Requirement
Beginning with the line where "this 1800×1350 image." appears, retype every remaining line of the data below, both the first and last included.

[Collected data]
[Start of section]

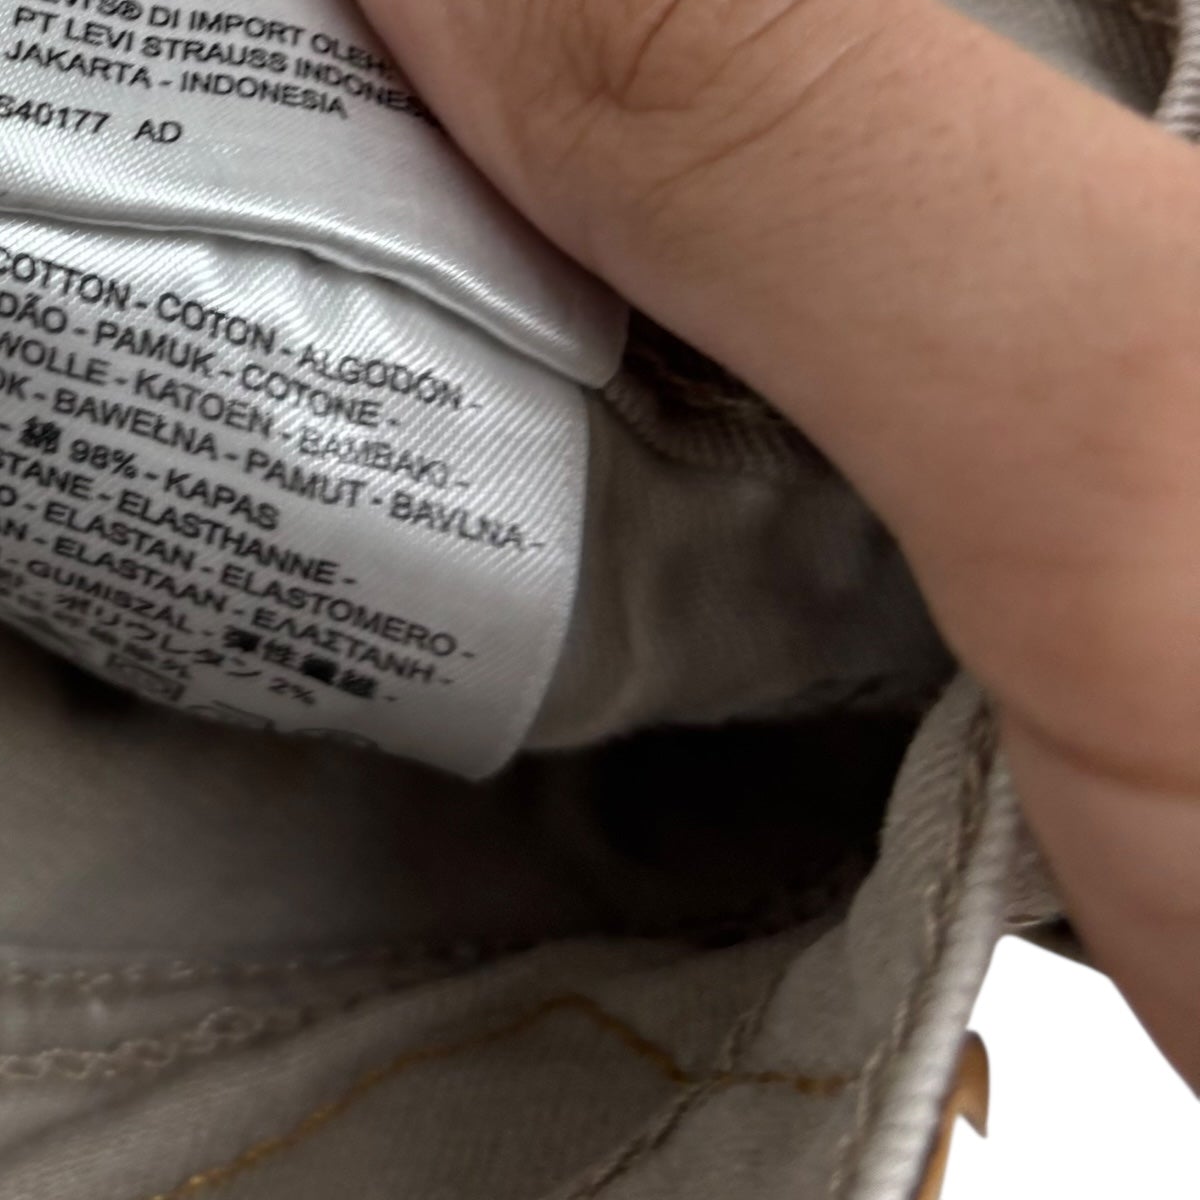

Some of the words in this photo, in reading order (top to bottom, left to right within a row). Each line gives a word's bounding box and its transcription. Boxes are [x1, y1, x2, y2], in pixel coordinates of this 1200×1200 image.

[13, 6, 62, 34] PT
[64, 17, 134, 52] LEVI
[142, 31, 290, 75] STRAUSS
[147, 3, 180, 28] DI
[188, 6, 306, 47] IMPORT
[4, 39, 153, 89] JAKARTA
[180, 71, 350, 120] INDONESIA
[132, 117, 183, 144] AD
[156, 290, 277, 354] COTON
[94, 320, 215, 378] PAMUK
[241, 362, 384, 429] COTONE
[134, 368, 274, 438] KATOEN
[69, 437, 138, 480] 98%
[164, 472, 282, 531] KAPAS
[244, 447, 369, 508] PAMUT
[52, 534, 229, 615] ELASTAAN
[116, 488, 341, 586] ELASTHANNE
[44, 500, 197, 573] ELASTAN
[219, 562, 459, 660] ELASTOMERO
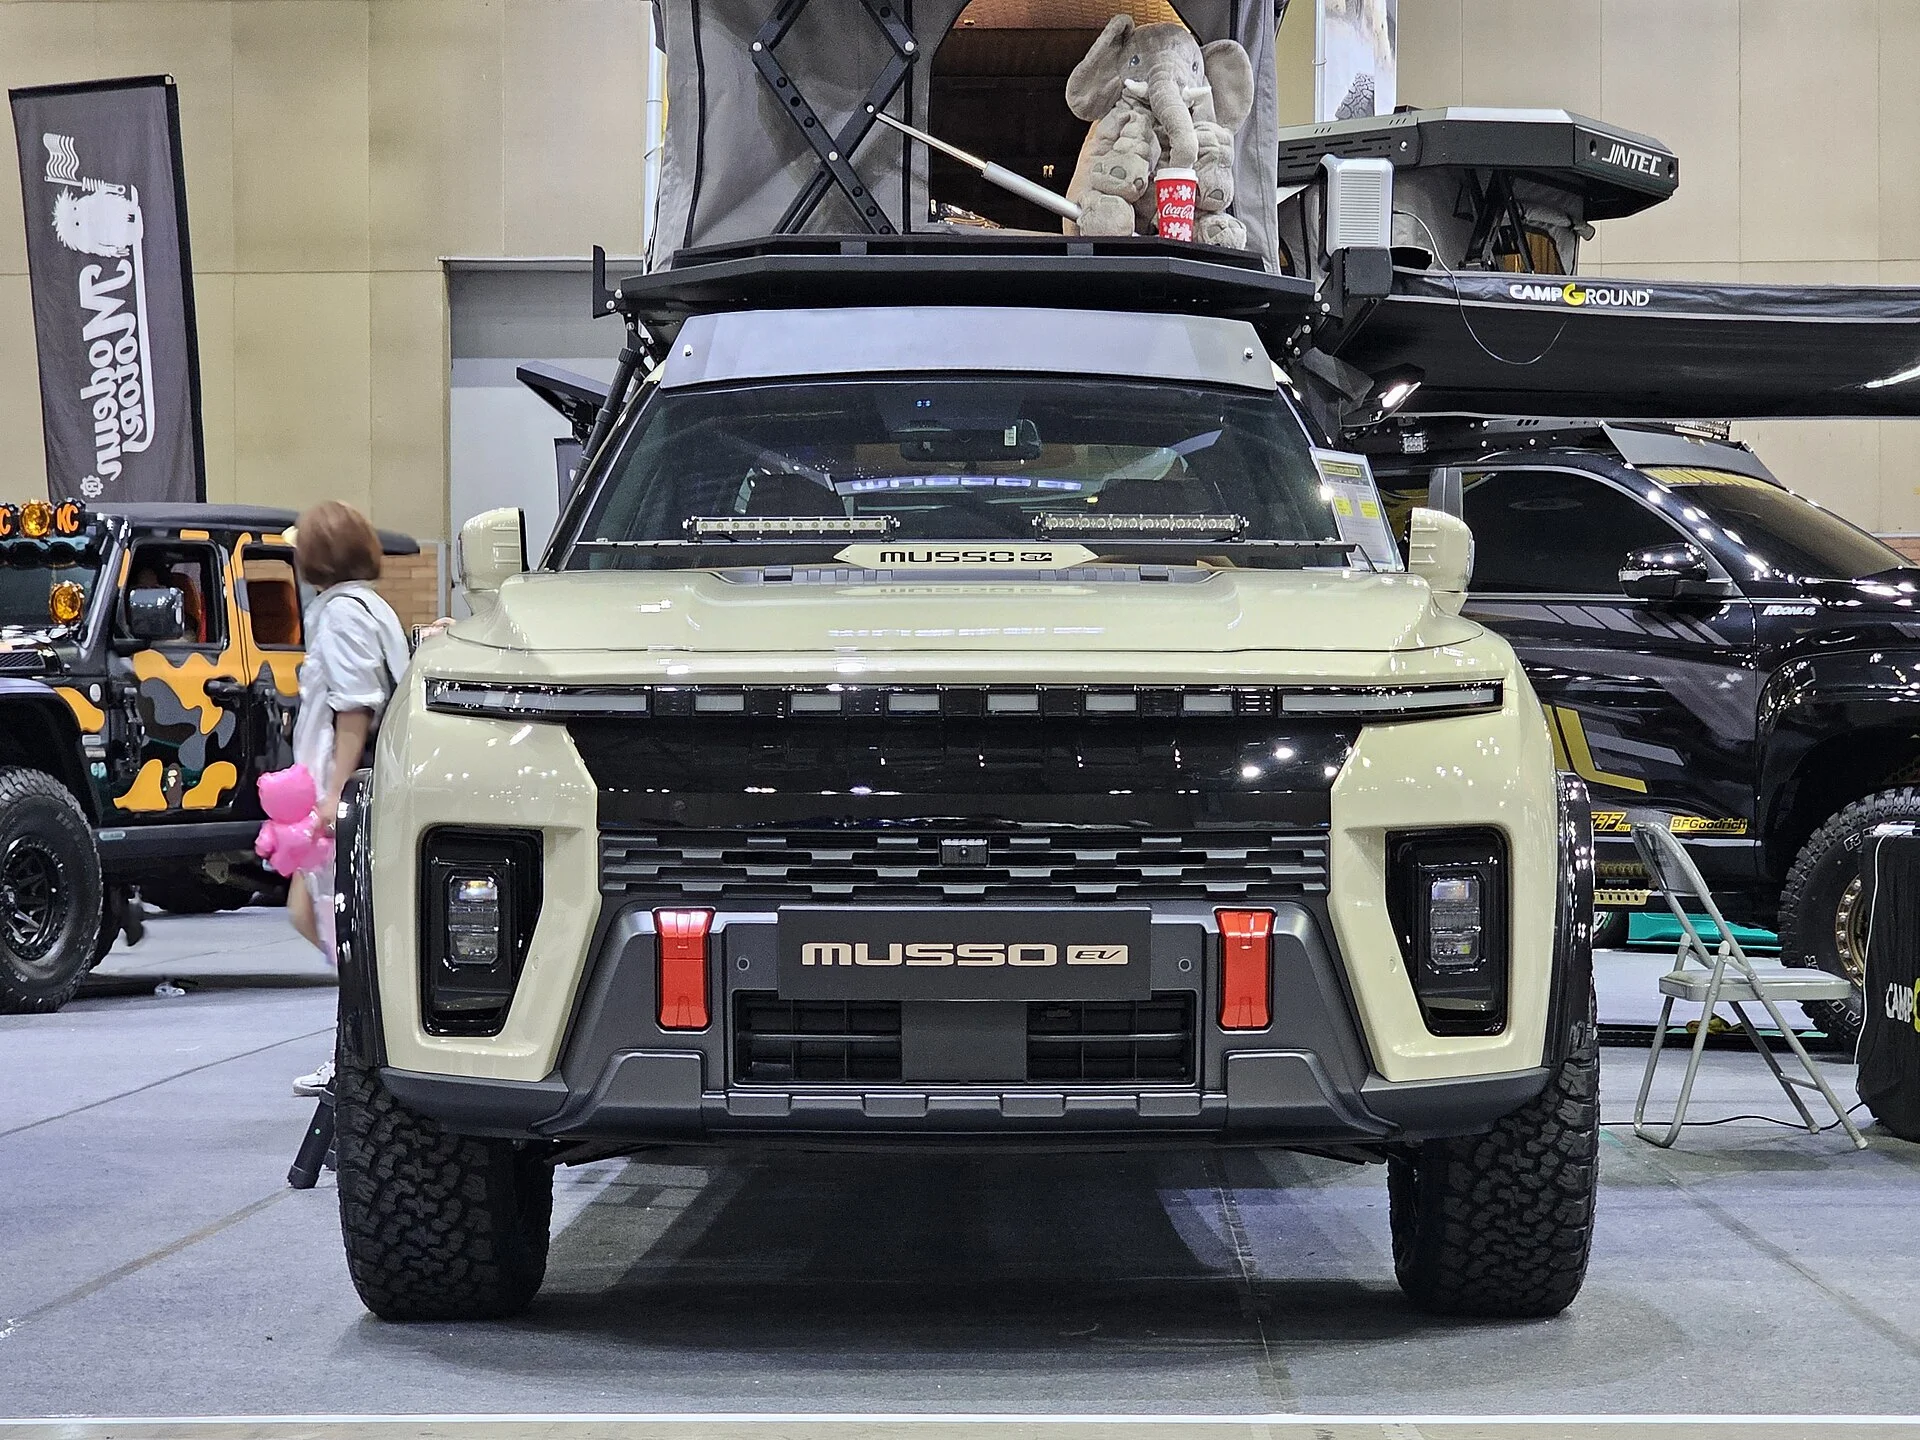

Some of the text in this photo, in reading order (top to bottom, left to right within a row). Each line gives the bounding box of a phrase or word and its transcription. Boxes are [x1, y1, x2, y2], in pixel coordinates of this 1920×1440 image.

[1602, 144, 1661, 176] JINTEC
[1510, 283, 1650, 306] CAMPGROUND
[57, 503, 79, 533] KC
[880, 551, 1014, 563] MUSSO
[1672, 818, 1746, 830] BFGoodrich
[802, 943, 1122, 966] MUSSO EV
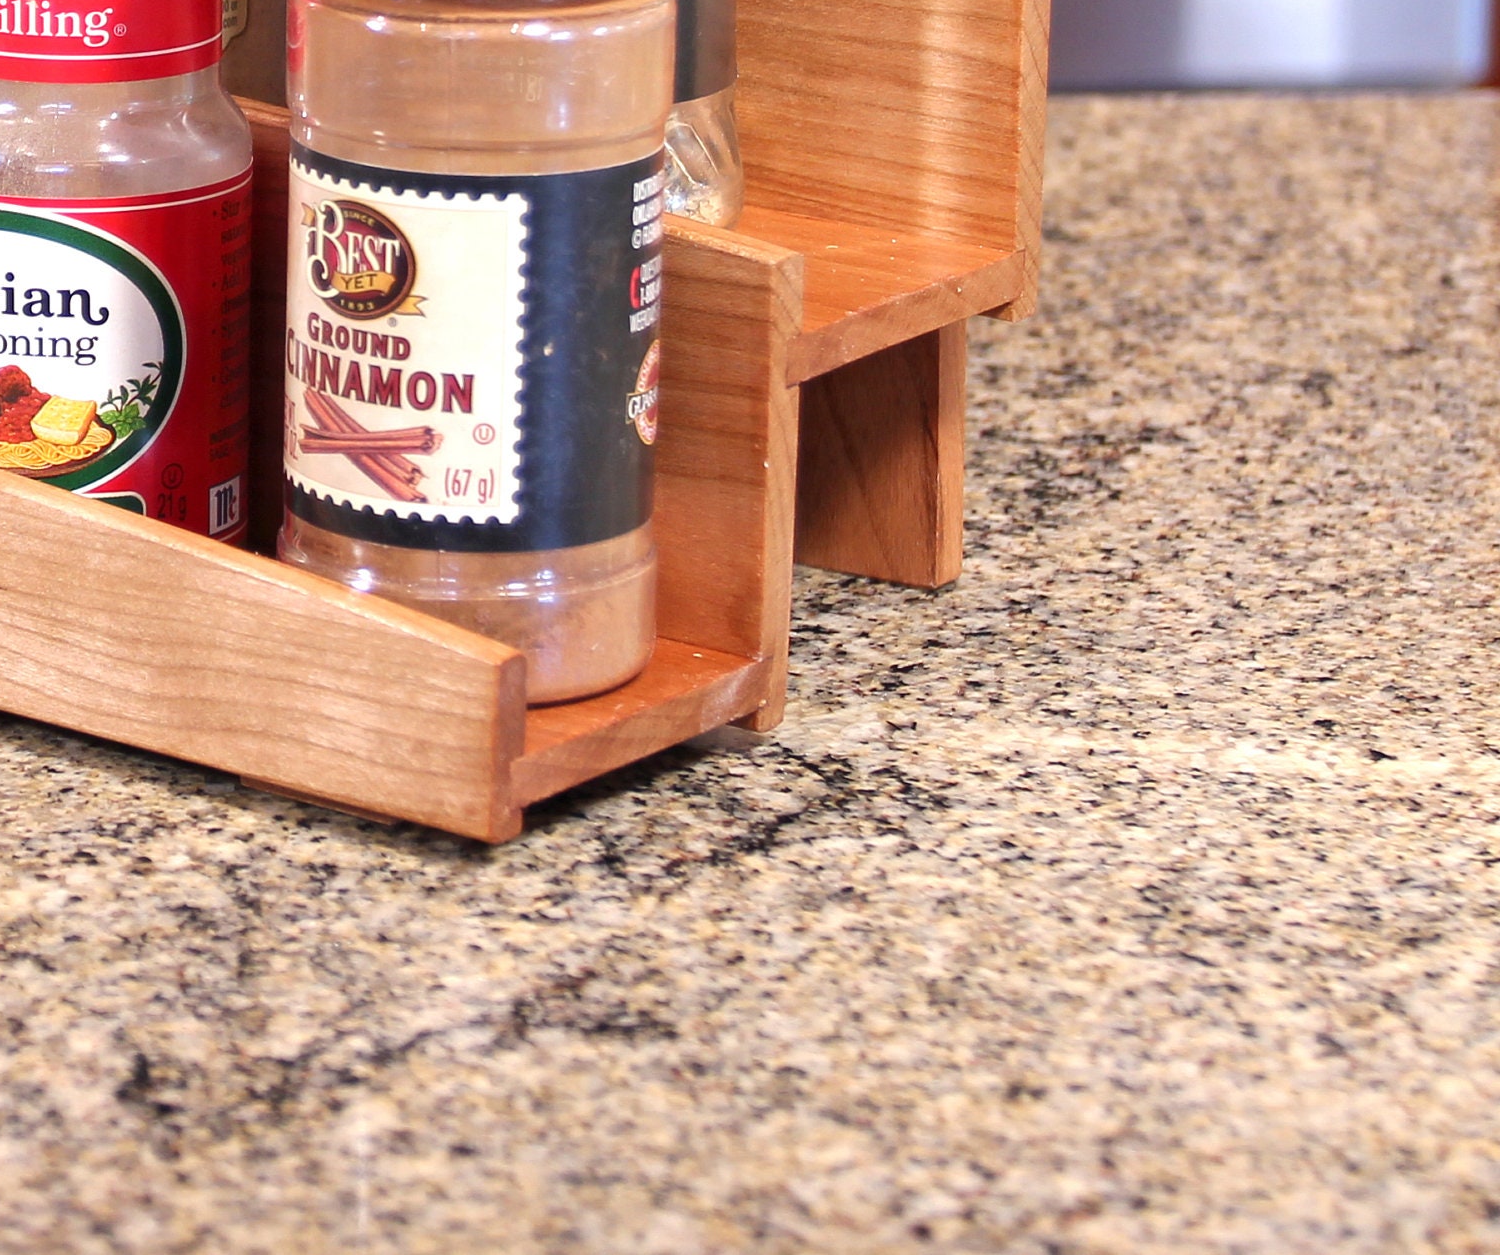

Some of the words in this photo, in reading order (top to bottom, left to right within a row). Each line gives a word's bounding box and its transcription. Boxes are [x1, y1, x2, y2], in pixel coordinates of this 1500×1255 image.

[343, 209, 377, 227] SINCE
[306, 200, 401, 299] BEST
[340, 273, 379, 291] YET
[306, 311, 412, 361] GROUND
[285, 327, 475, 415] CINNAMON
[443, 466, 472, 498] (67
[477, 466, 496, 505] g)
[157, 493, 174, 519] 21
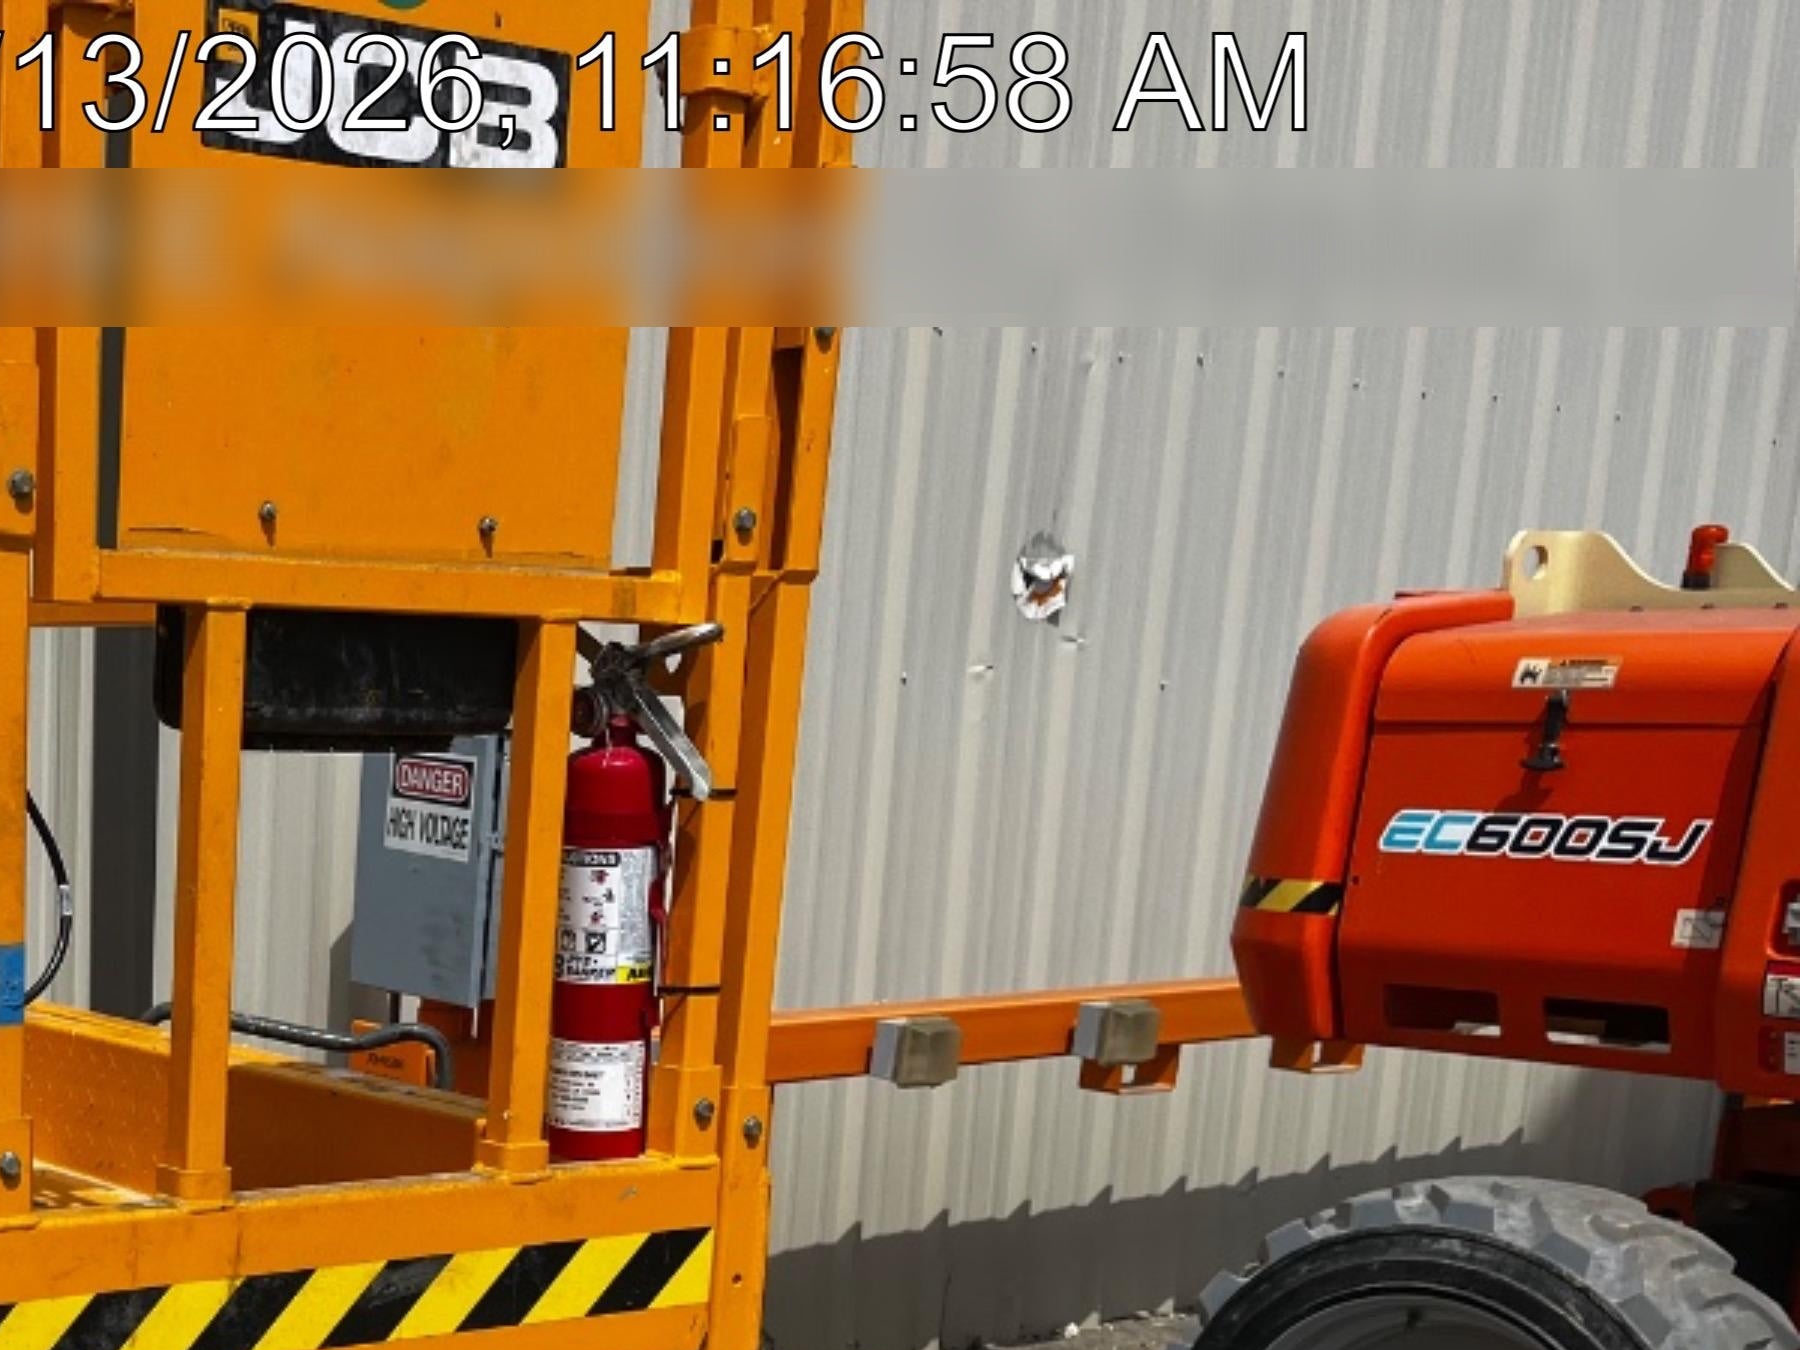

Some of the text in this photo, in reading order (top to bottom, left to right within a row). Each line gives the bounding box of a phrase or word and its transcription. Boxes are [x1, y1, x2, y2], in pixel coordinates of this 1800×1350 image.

[214, 20, 558, 169] JCB
[400, 764, 463, 796] DANGER
[387, 806, 469, 850] HIGH VOLTAGE
[1380, 810, 1713, 866] EC600SJ

[End of section]

Exercise solution
Some of the text in this photo, in reading order (top to bottom, left to right within a row). Each line gives the bounding box of a phrase or word and its transcription. Boxes are [x1, y1, x2, y2], in pixel coordinates of this 1800×1350 image.

[214, 20, 558, 169] JCB
[400, 764, 463, 796] DANGER
[387, 806, 469, 850] HIGH VOLTAGE
[1380, 810, 1713, 866] EC600SJ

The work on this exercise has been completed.